Some background: medicinal chemists are responsible for identifying drug candidates, usually by screening large (10^6) libraries of combinatorially generated molecules. Some of these hits turn out to be biologically active, and then it's up to the medicinal chemists to decide whether these hits are false positives or not, and further, to synthesize analogous compounds to see if they can tweak the biological activity of each compound.
It's in this 'synthesizing analogous compounds' step that subjective judgment comes in, with Lipinski's rule of five being the most 'basic' of the heuristics, and with most medicinal chemists adopting more and more complex heuristics. Or, as this paper shows, perhaps they're just deluding themselves and their true metric is something very simple, and after making their decision, they dress it up with fancy post-hoc rationalizations.
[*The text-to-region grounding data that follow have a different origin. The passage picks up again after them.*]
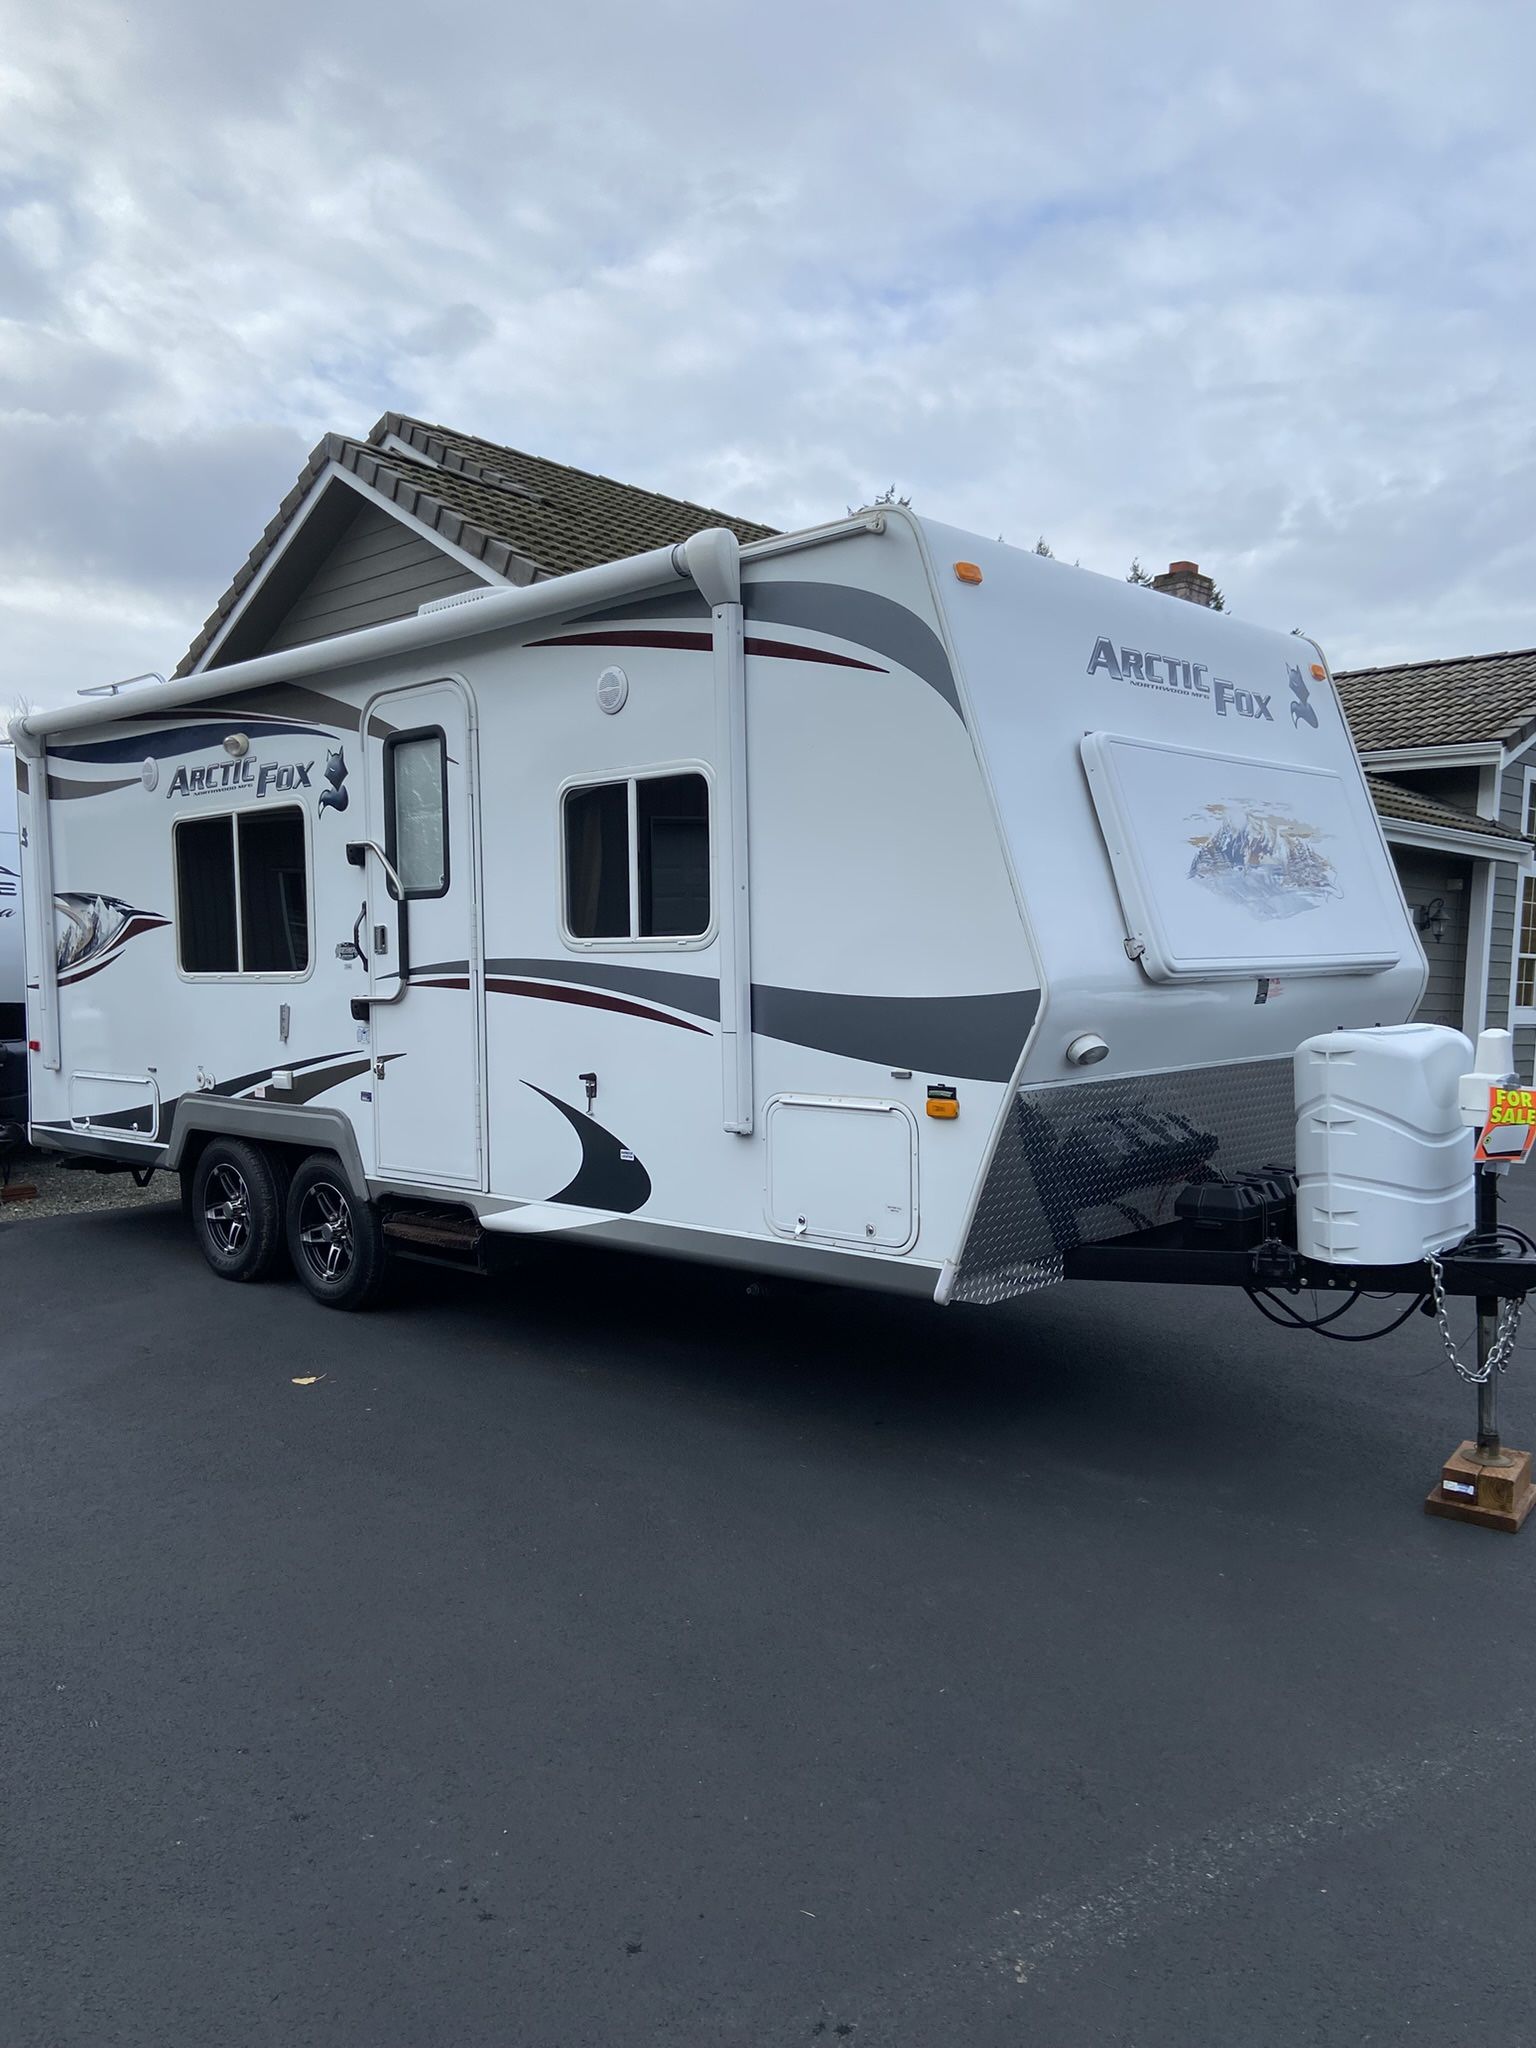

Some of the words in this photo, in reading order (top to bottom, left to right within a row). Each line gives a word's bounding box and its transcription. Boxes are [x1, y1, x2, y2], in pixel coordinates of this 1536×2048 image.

[1086, 636, 1211, 693] ARCTIC
[1213, 678, 1274, 721] FOX
[1129, 679, 1190, 697] NORTHWOOD
[1190, 690, 1210, 700] MFG
[166, 756, 257, 799] ARCTIC
[256, 761, 315, 798] FOX
[1496, 1089, 1533, 1107] FOR
[1490, 1106, 1536, 1125] SALE
The blog from which that's taken is frequently interesting and amusing. In particular, the author's occasional series of "Things I won't work with" is very nice. [EDIT: Where by "nice" I mean "amusing but intermittently disgusting and/or downright terrifying".]
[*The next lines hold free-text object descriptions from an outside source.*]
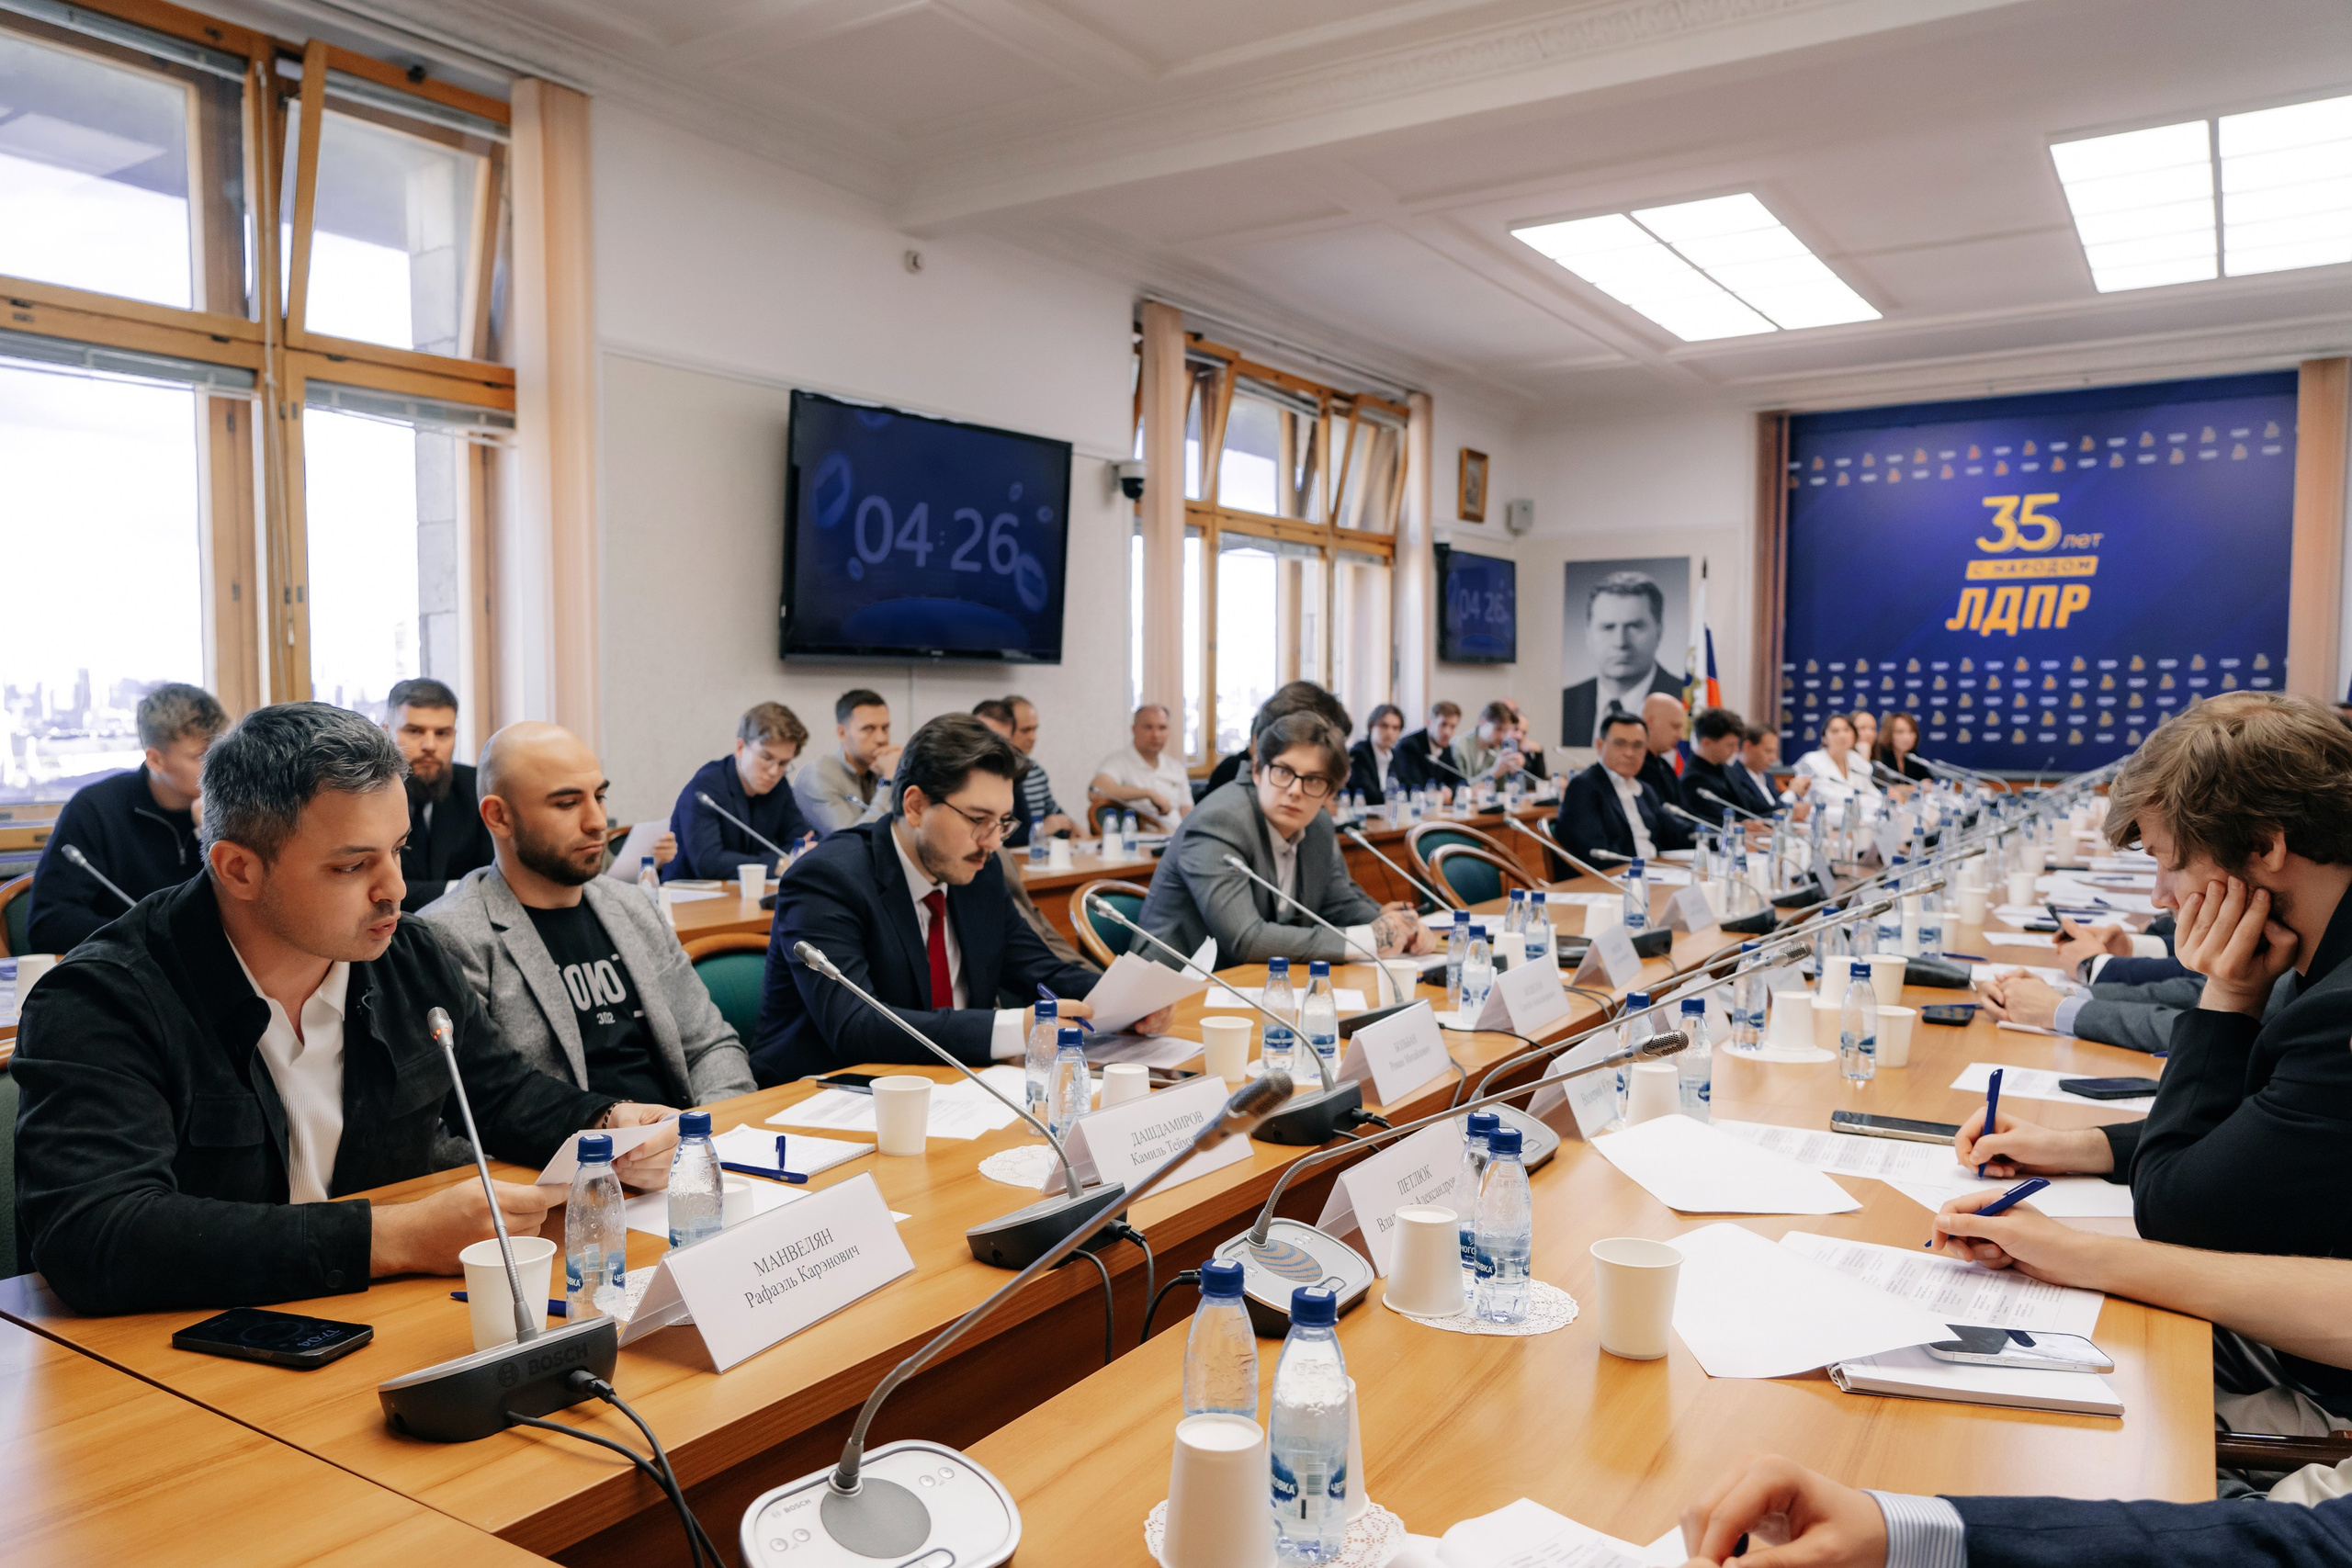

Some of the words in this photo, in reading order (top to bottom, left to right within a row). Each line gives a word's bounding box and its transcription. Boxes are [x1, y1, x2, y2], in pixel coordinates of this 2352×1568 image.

[854, 494, 1021, 575] 04:26
[1975, 492, 2063, 553] 35
[2061, 532, 2104, 549] лет
[1458, 588, 1506, 624] 0426
[1944, 583, 2092, 637] ЛДПР
[1130, 1111, 1204, 1146] ДАШДАМИРОВ
[1130, 1147, 1167, 1166] Камиль
[1165, 1134, 1197, 1154] Тейму
[1396, 1164, 1433, 1196] ПЕТЛЮК
[752, 1228, 834, 1277] МАНВЕЛЯН
[744, 1276, 798, 1308] Рафаэль
[797, 1246, 861, 1283] Карэнович
[527, 1342, 589, 1376] BOSCH
[784, 1498, 812, 1513] BOSCH
I've found his blog a very useful source for a long time about systematic problems & biases in science.
"Things I won't work with" is wonderfully humorous! It continues to remind me of John D. Clark's Ignition!, which is a delightful survey of liquid rocket propellant chemistry, in all its hazardous glory circa 1960 (which is really most of it -- there hasn't been much chemistry work in liquids since then). Print copies are hard to find, but Google will probably get you the PDF that floats around.
Geoff Hinton's group recently had some impressive success using deep neural networks in a drug candidate discovery contest sponsored by Merck. This article sheds some light on the room for gains from such programs.
A comment suggests the paper misunderstood importance of the within and between chemist (non-)correlation because the target lists include multiple similar chemicals that everyone agrees should not all be selected.
It's still troubling that the stated decision process seemed to match so poorly with the revealed decision process of each chemist.